-- Problem to solve --
Write out the records again, exactly. Nothing may be dropped.

:::

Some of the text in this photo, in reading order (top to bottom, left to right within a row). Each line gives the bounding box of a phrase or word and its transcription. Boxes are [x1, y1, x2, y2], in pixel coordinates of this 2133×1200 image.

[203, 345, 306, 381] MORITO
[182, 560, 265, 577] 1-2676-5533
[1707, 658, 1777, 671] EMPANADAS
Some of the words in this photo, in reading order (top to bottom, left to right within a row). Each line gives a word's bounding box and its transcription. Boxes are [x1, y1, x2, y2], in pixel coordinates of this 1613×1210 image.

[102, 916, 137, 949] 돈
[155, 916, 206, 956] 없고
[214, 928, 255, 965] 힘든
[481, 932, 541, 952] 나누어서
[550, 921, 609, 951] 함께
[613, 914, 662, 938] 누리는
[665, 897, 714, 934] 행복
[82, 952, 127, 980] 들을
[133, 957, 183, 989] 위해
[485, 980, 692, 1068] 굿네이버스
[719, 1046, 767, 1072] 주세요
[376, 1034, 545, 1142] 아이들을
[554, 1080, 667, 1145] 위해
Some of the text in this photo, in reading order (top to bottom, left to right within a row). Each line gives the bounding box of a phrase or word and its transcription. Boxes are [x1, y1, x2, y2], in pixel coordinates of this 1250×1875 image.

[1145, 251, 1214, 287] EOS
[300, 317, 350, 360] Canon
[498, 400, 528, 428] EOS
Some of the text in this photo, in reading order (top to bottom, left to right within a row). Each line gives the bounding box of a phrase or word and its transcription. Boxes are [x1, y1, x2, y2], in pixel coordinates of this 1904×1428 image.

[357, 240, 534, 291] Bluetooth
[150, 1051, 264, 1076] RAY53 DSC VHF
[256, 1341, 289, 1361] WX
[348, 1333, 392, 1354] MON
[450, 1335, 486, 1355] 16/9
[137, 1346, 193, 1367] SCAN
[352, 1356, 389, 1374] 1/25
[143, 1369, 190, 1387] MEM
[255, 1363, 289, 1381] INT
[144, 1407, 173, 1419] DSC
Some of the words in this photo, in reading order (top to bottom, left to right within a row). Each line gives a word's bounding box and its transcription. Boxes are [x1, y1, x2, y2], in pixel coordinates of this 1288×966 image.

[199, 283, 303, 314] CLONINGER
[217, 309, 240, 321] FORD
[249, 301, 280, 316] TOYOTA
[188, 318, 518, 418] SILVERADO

:::

-- Final answer --
Some of the text in this photo, in reading order (top to bottom, left to right within a row). Each line gives the bounding box of a phrase or word and its transcription. Boxes are [x1, y1, x2, y2], in pixel coordinates of this 2133×1200 image.

[203, 345, 306, 381] MORITO
[182, 560, 265, 577] 1-2676-5533
[1707, 658, 1777, 671] EMPANADAS
Some of the words in this photo, in reading order (top to bottom, left to right within a row). Each line gives a word's bounding box and its transcription. Boxes are [x1, y1, x2, y2], in pixel coordinates of this 1613×1210 image.

[102, 916, 137, 949] 돈
[155, 916, 206, 956] 없고
[214, 928, 255, 965] 힘든
[481, 932, 541, 952] 나누어서
[550, 921, 609, 951] 함께
[613, 914, 662, 938] 누리는
[665, 897, 714, 934] 행복
[82, 952, 127, 980] 들을
[133, 957, 183, 989] 위해
[485, 980, 692, 1068] 굿네이버스
[719, 1046, 767, 1072] 주세요
[376, 1034, 545, 1142] 아이들을
[554, 1080, 667, 1145] 위해
Some of the text in this photo, in reading order (top to bottom, left to right within a row). Each line gives the bounding box of a phrase or word and its transcription. Boxes are [x1, y1, x2, y2], in pixel coordinates of this 1250×1875 image.

[1145, 251, 1214, 287] EOS
[300, 317, 350, 360] Canon
[498, 400, 528, 428] EOS
Some of the text in this photo, in reading order (top to bottom, left to right within a row). Each line gives the bounding box of a phrase or word and its transcription. Boxes are [x1, y1, x2, y2], in pixel coordinates of this 1904×1428 image.

[357, 240, 534, 291] Bluetooth
[150, 1051, 264, 1076] RAY53 DSC VHF
[256, 1341, 289, 1361] WX
[348, 1333, 392, 1354] MON
[450, 1335, 486, 1355] 16/9
[137, 1346, 193, 1367] SCAN
[352, 1356, 389, 1374] 1/25
[143, 1369, 190, 1387] MEM
[255, 1363, 289, 1381] INT
[144, 1407, 173, 1419] DSC
Some of the words in this photo, in reading order (top to bottom, left to right within a row). Each line gives a word's bounding box and its transcription. Boxes are [x1, y1, x2, y2], in pixel coordinates of this 1288×966 image.

[199, 283, 303, 314] CLONINGER
[217, 309, 240, 321] FORD
[249, 301, 280, 316] TOYOTA
[188, 318, 518, 418] SILVERADO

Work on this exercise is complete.